Bárbara Saavedra,
an elusive and tenacious foxfire

By Claudia Andrade Ecchio

Ilustration: Jo Jiménez


What is it that encourages and feeds the flame of science in each of us as women? This was the question posed by biologist and ecologist Bárbara Saavedra in a presentation at the Society of Cell Biology in 2017. The metaphor that she used in her talk is significant for those like her who have made the public space their own: women in science are like foxfires, she says, a tiny flame that burns on its own in hostile territory, blazing its own trail and zigzagging around at ground level. We are a new force, numerous, creative, passionate, prepared, she states with conviction. Her words remind me of all those curious young girls who play with woodlice, collect shells on the beach, make herbariums with plants from their gardens, or memorize the constellations that light up the night sky.
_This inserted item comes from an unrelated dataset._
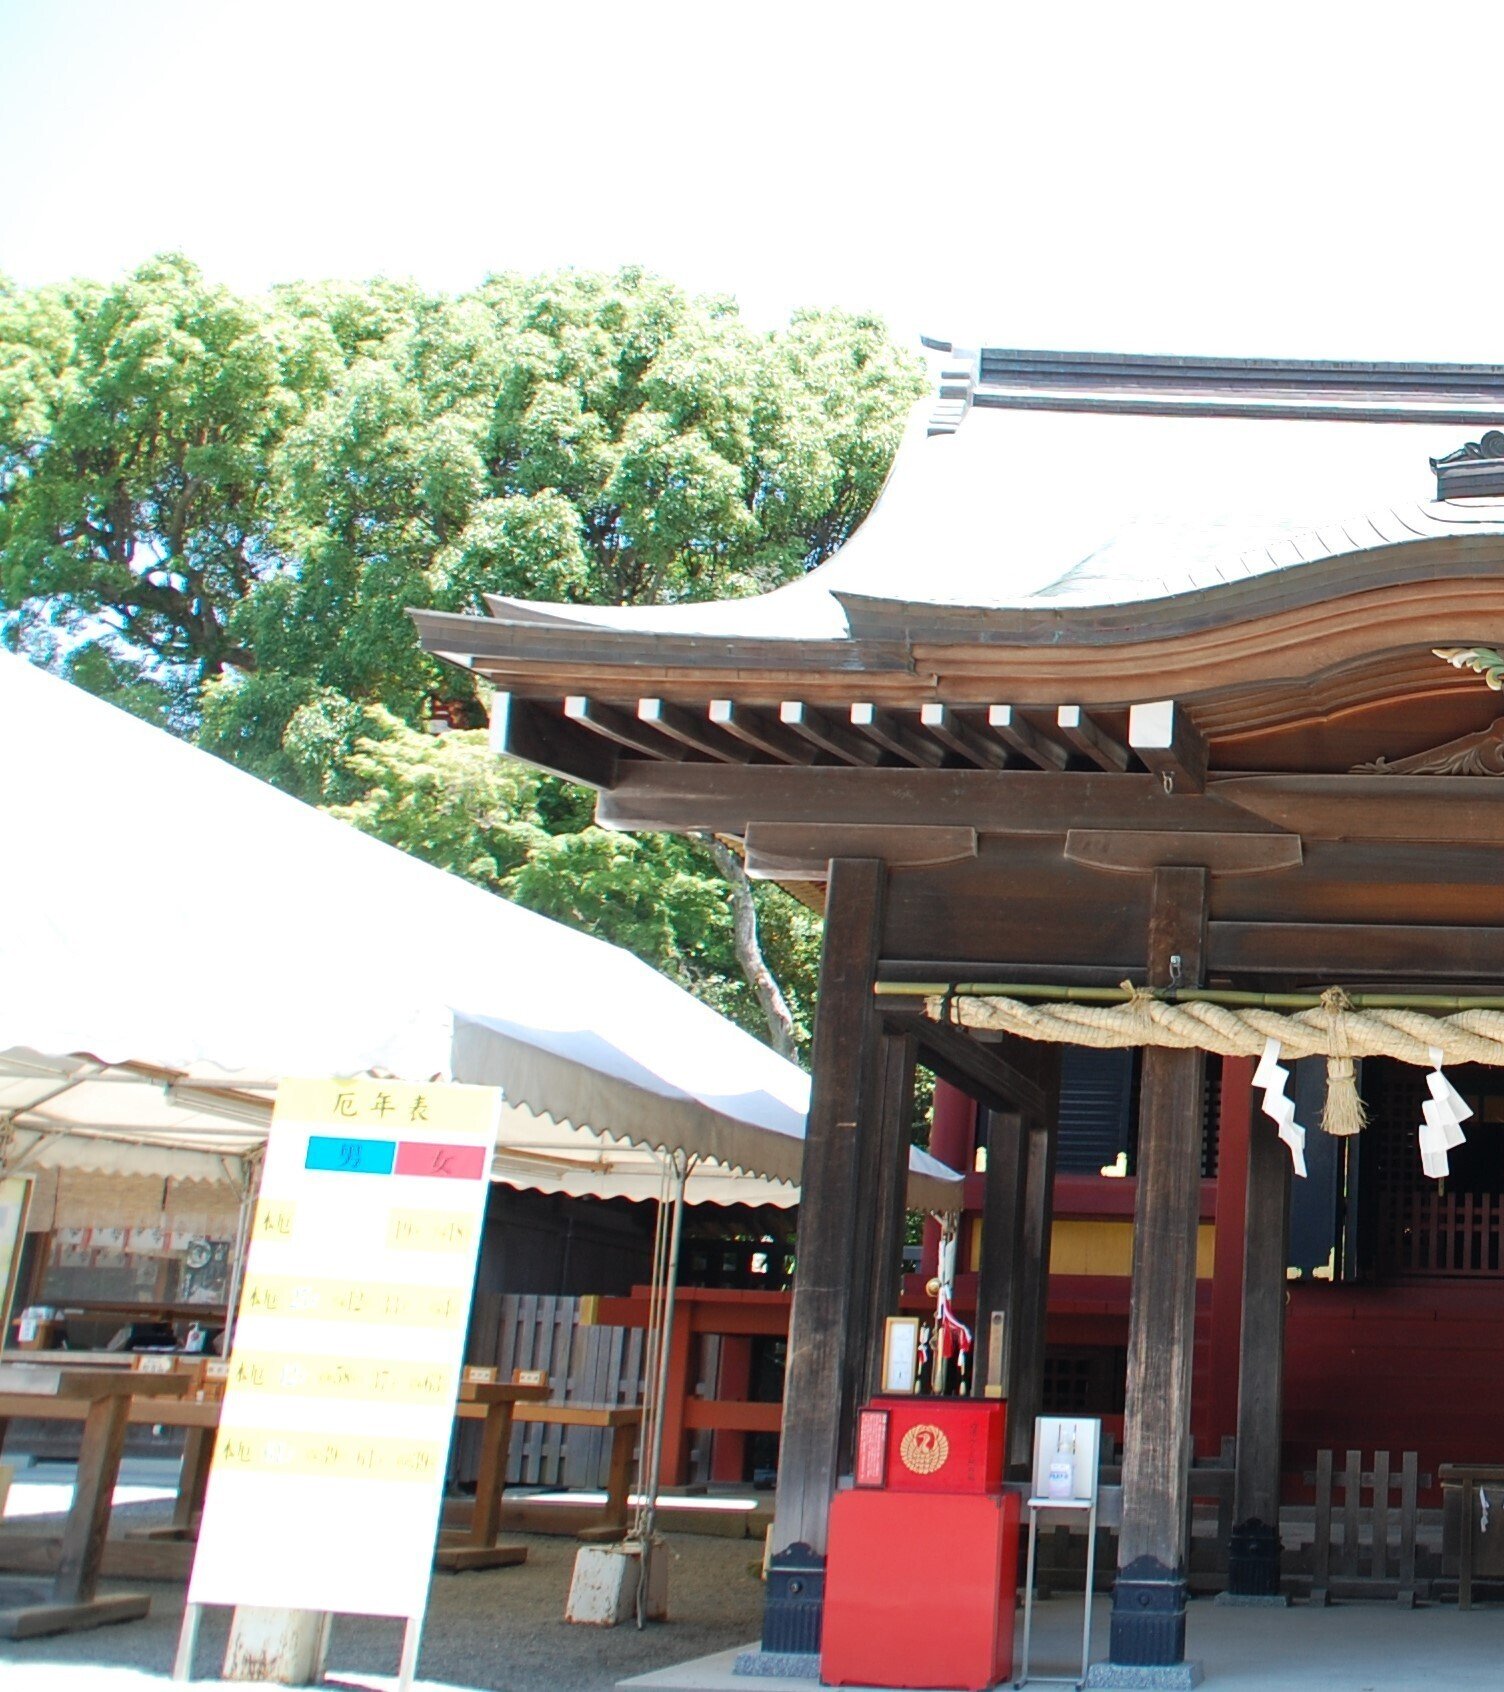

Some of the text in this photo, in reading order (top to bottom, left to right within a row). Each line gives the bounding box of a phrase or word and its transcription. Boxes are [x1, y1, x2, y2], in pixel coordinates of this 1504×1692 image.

[333, 1091, 428, 1122] 厄年表
[339, 1142, 455, 1174] 男 女
Each one of them is a woman of science, and that tiny, mischievous and capricious spark that drives them to observe and think about the world they inhabit can become a flare capable of imagining other possible futures.

The famous phrase “the personal is political,” attributed to the North American feminist Carol Hanisch, seems applicable to Bárbara’s professional career. Her profound conviction about the value of biodiversity for the welfare of humankind has marked out her own path, leading her to promote initiatives to protect Patagonian peat bogs and to reflect on the urgency of incorporating the intrinsic relationship between nature, human rights and democracy in Chile’s new Magna Carta. To listen to her is to connect with her passion for preserving wetlands, for the restoration of ecosystems devastated by human actions and for the defense of guanacos and huemuls (south Andean deer) preyed upon by an extractivist economy. To read her words is to understand that an ecological stance is not a fad but an imperative, and that the urgency of her discourse is consistent with a personal choice that seeks to generate concrete political action.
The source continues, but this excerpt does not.